Distributed Execution

MIND provides first-class support for distributed training and inference, allowing you to scale models across multiple nodes with automatic sharding, gradient synchronization, and fault tolerance.

Production Ready: Distributed execution is complete with TCP transport, NCCL/Gloo backends, RingAllReduce, pipeline parallelism, and fault tolerance.
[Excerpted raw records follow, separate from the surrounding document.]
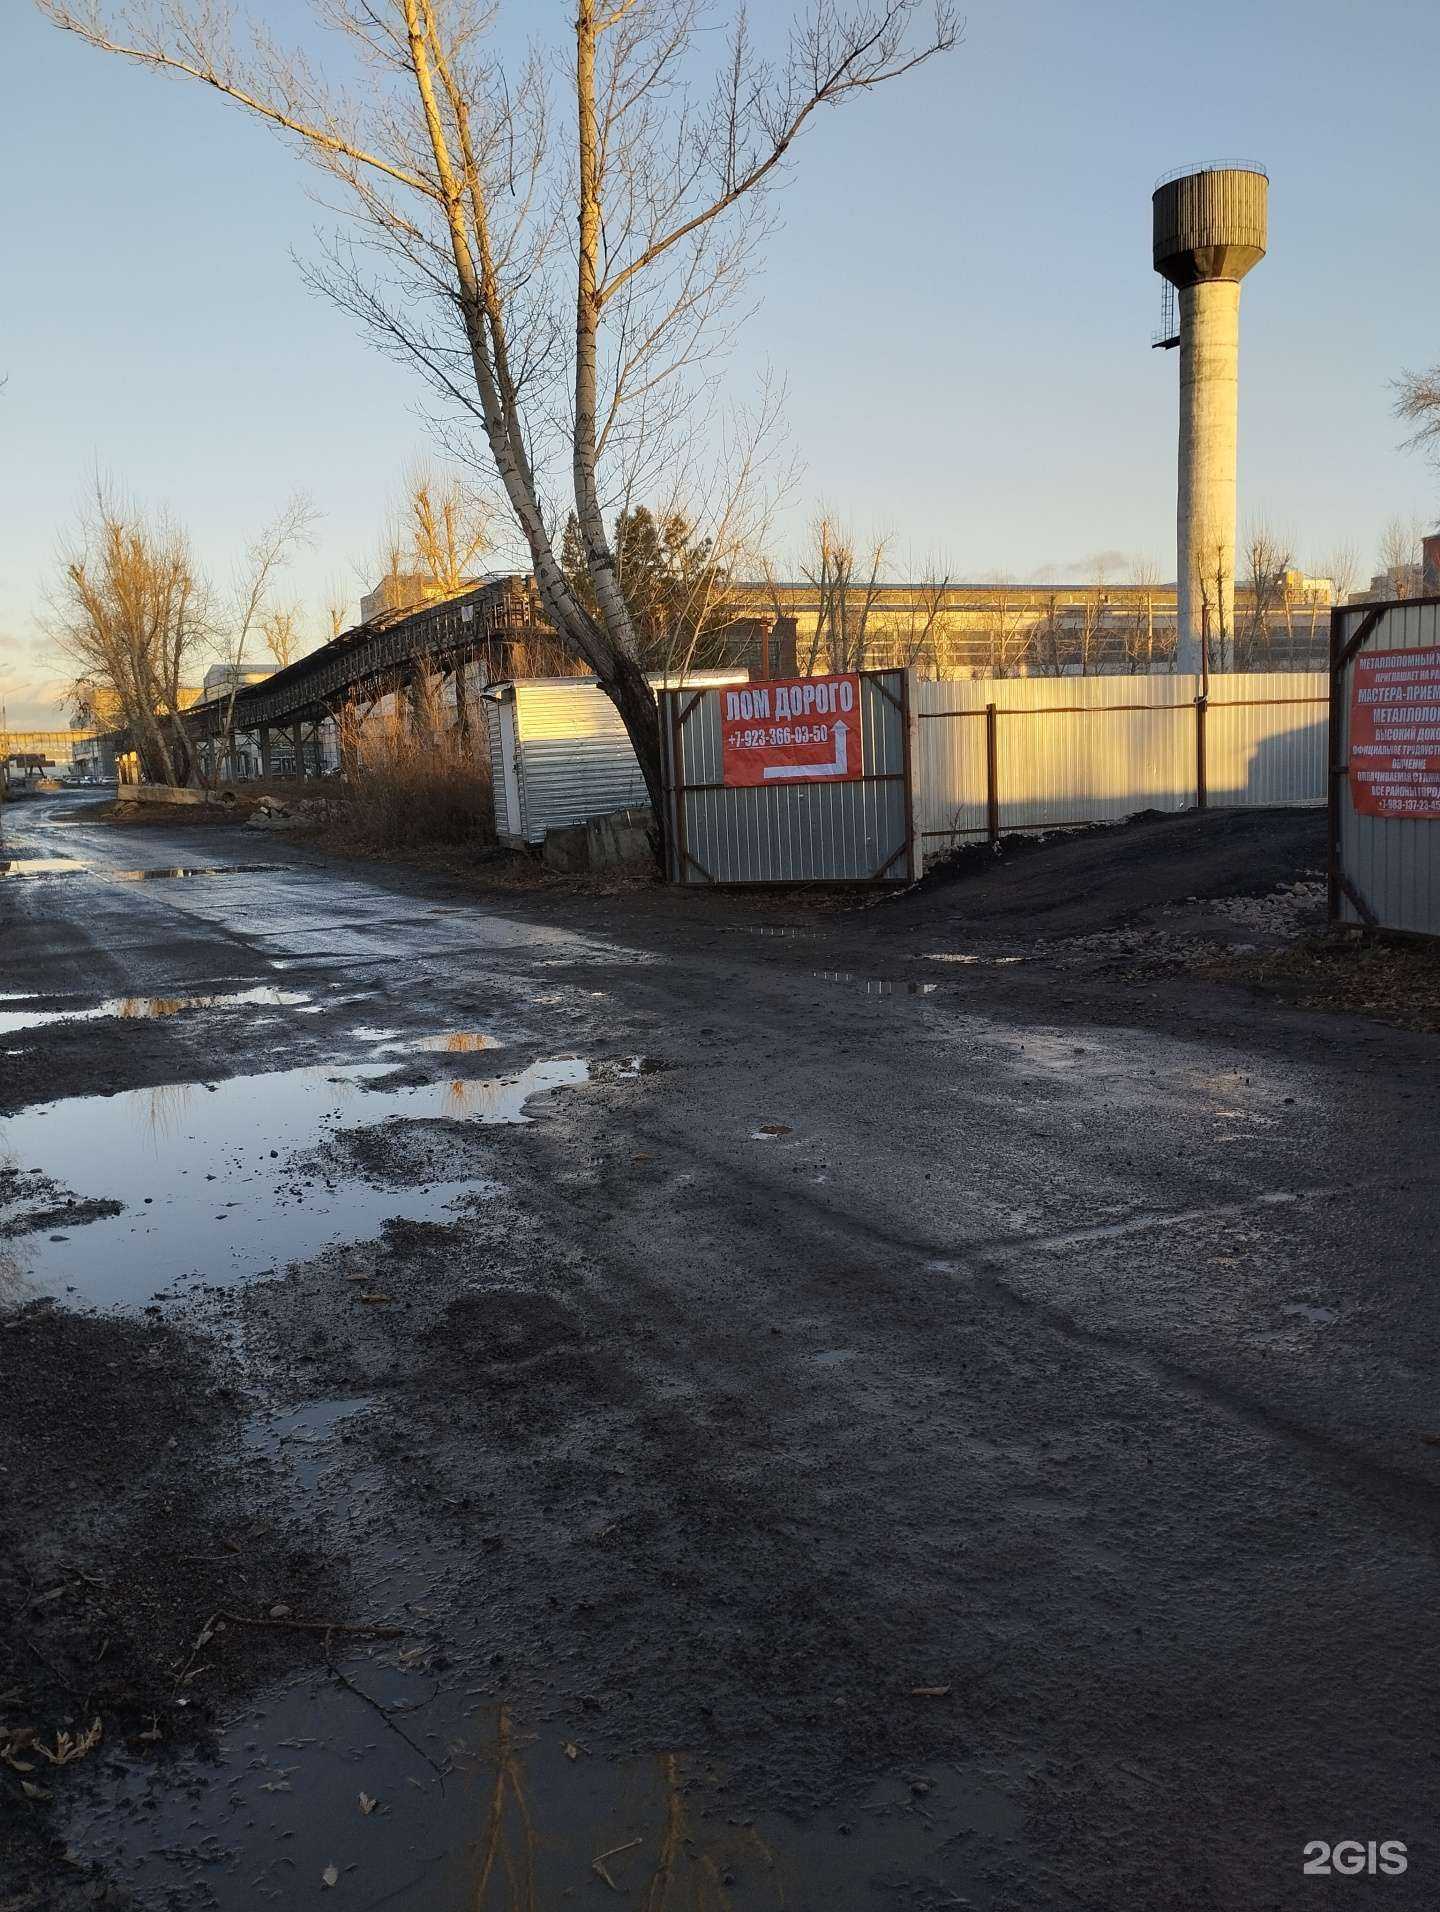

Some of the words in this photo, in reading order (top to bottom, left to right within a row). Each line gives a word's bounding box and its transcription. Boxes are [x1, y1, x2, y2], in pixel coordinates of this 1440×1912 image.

[727, 688, 770, 720] ЛОМ
[775, 681, 853, 721] ДОРОГО
[728, 724, 828, 747] +7-923-366-03-50
[1375, 726, 1416, 741] ВЫСОКИЙ
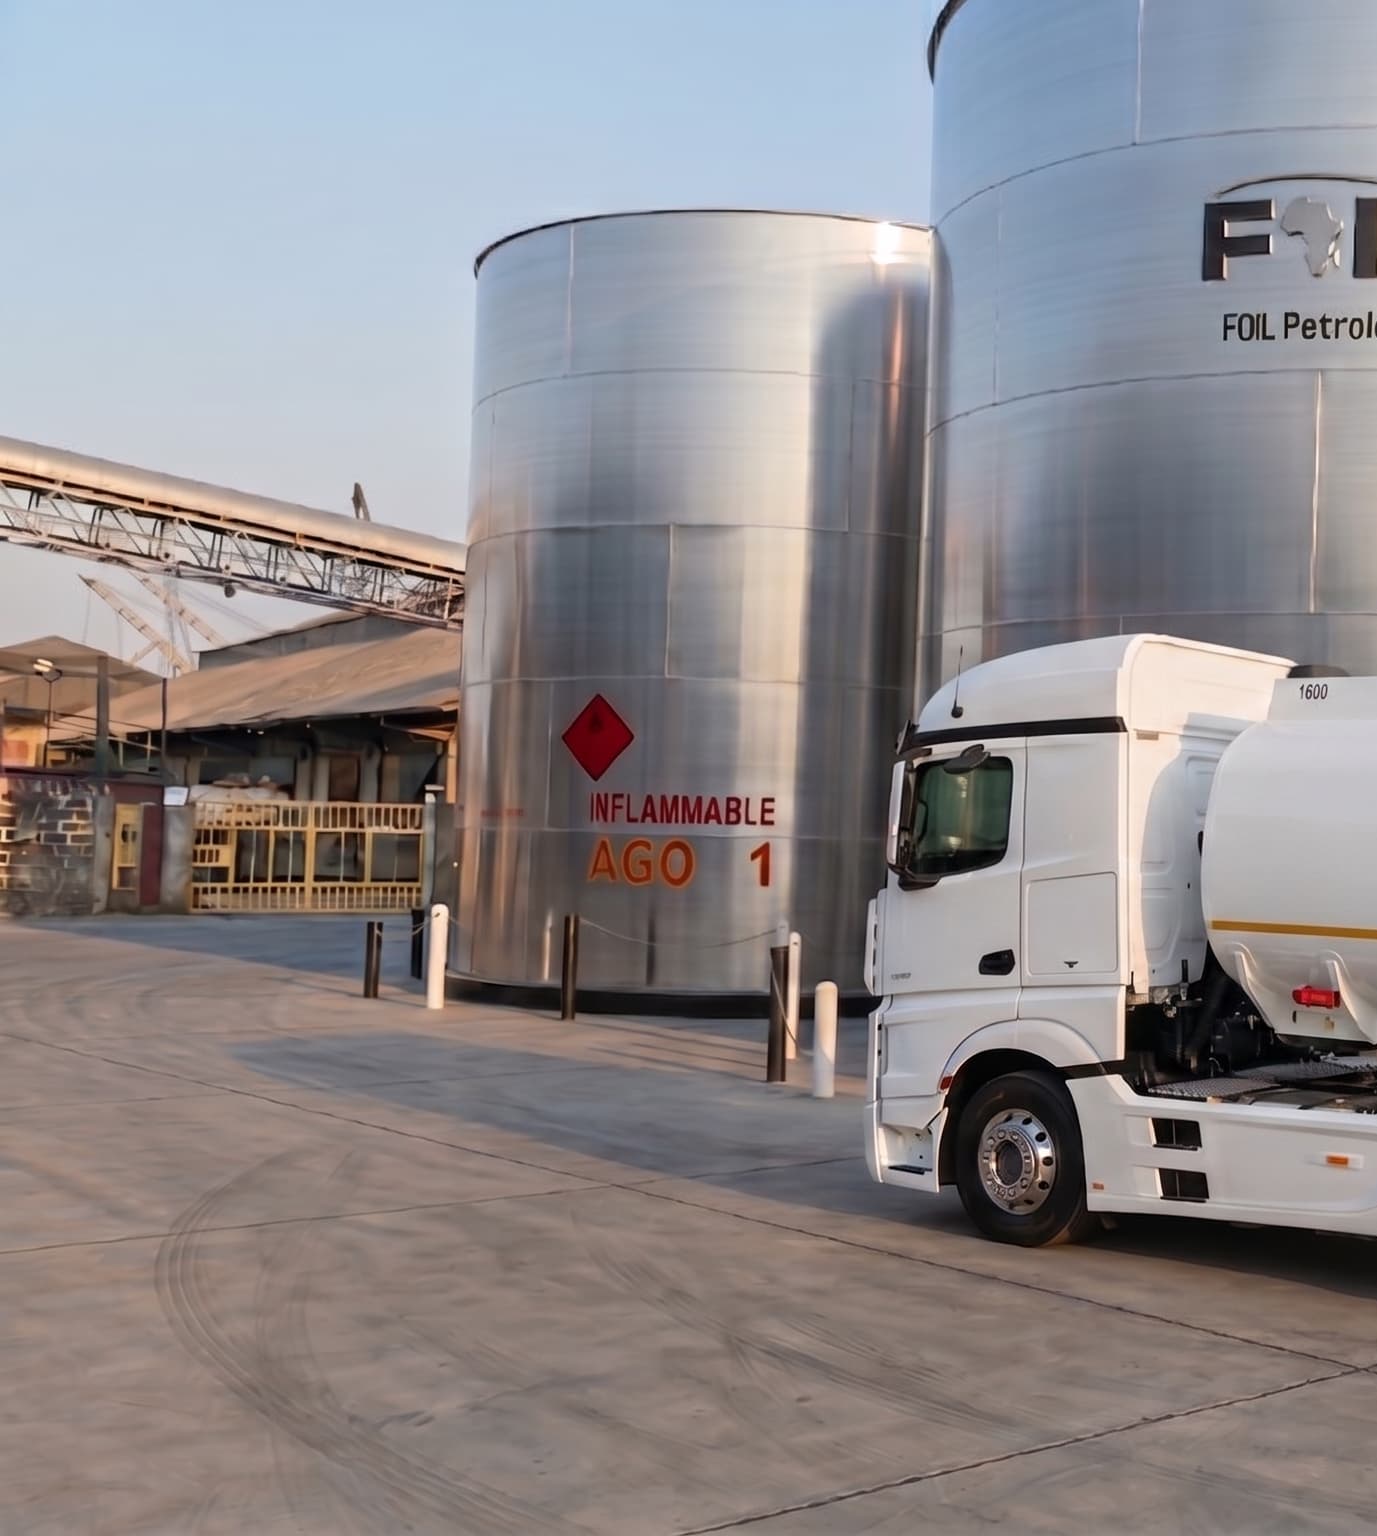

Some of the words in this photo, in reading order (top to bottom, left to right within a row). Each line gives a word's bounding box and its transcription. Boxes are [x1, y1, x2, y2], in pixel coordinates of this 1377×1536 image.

[1223, 312, 1276, 341] FOIL
[1298, 683, 1329, 701] 1600
[590, 791, 776, 826] INFLAMMABLE
[589, 838, 695, 888] AGO
[750, 841, 773, 888] 1
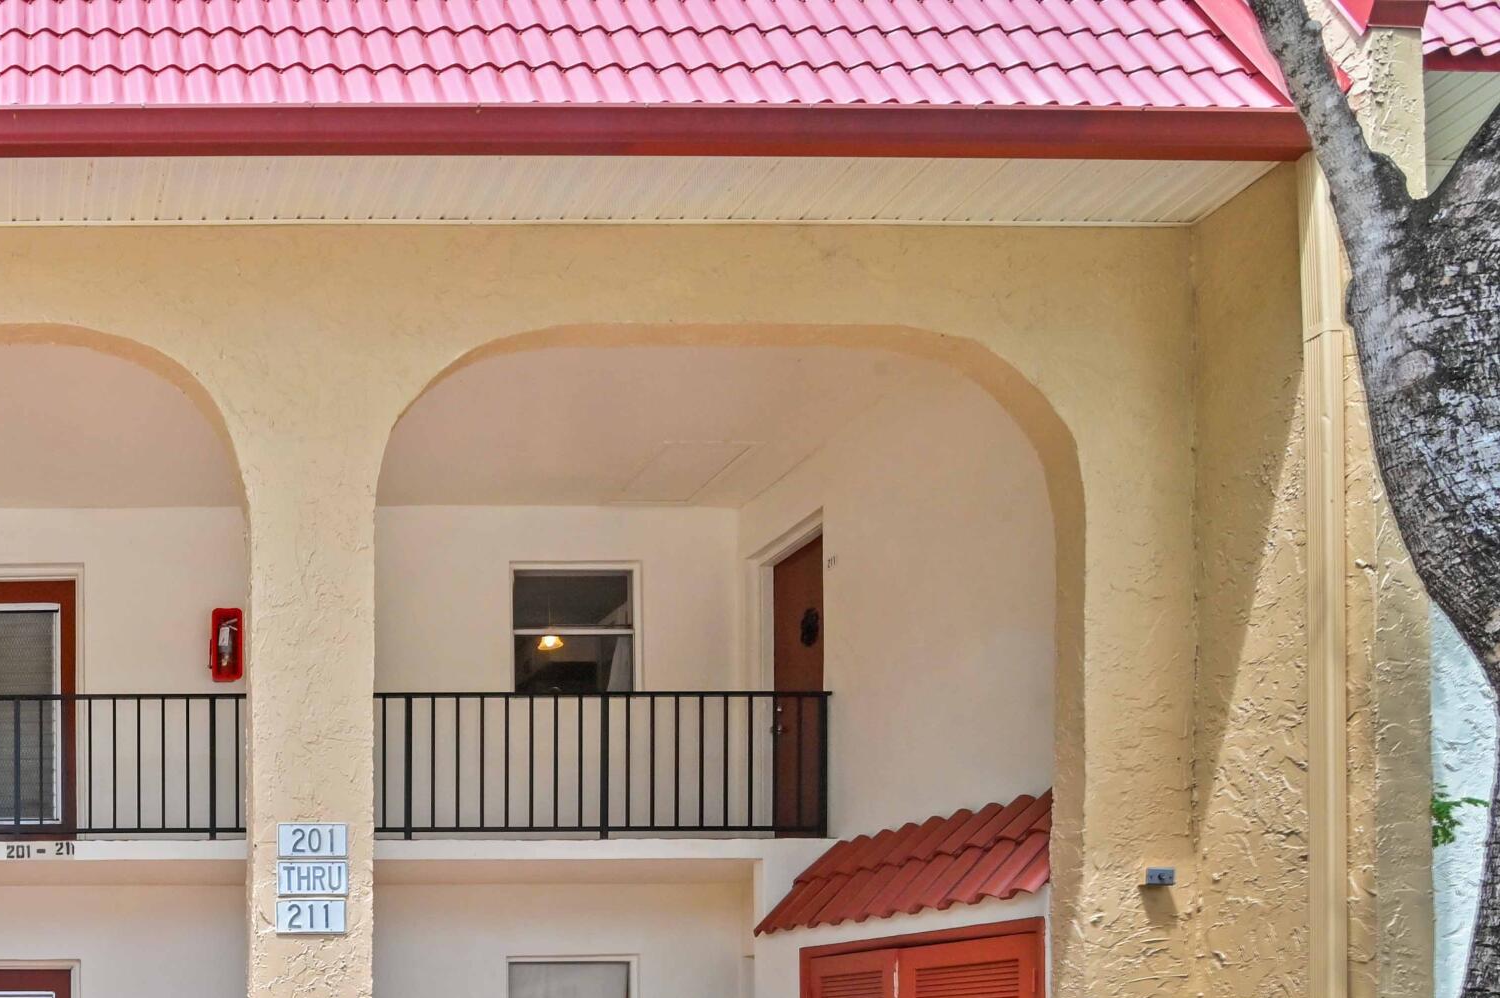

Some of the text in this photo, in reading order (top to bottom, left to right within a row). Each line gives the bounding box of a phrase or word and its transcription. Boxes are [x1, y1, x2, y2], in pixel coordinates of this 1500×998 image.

[6, 844, 31, 859] 201
[291, 828, 334, 853] 201
[282, 865, 342, 891] THRU
[287, 904, 329, 929] 211
See the Roadmap for full status.

Overview

MIND's distributed execution framework supports three parallelism strategies:

  • Data Parallelism: Replicate the model across devices and split data batches
  • Model Parallelism: Split large models across devices when they don't fit in memory
  • Pipeline Parallelism: Split model layers across devices for improved throughput

Getting Started

Enable distributed execution with the @distributed annotation:

use mind::distributed::{init, world_size, rank};

@distributed(strategy = "data_parallel")
fn train_step(model: &mut Model, batch: Tensor<f32, [B, 784]>) -> f32 {
    let output = model.forward(batch);
    let loss = cross_entropy(output, labels);

    // Gradients are automatically synchronized across all nodes
    loss.backward();
    optimizer.step();

    loss.item()
}

fn main() {
    // Initialize distributed runtime
    init();

    println!("Running on node {} of {}", rank(), world_size());

    for epoch in 0..100 {
        let loss = train_step(&mut model, batch);
        if rank() == 0 {
            println!("Epoch {}: loss = {:.4}", epoch, loss);
        }
    }
}

Data Parallelism

Data parallelism replicates the model on each device and splits input batches. Gradients are averaged across all replicas using all-reduce operations.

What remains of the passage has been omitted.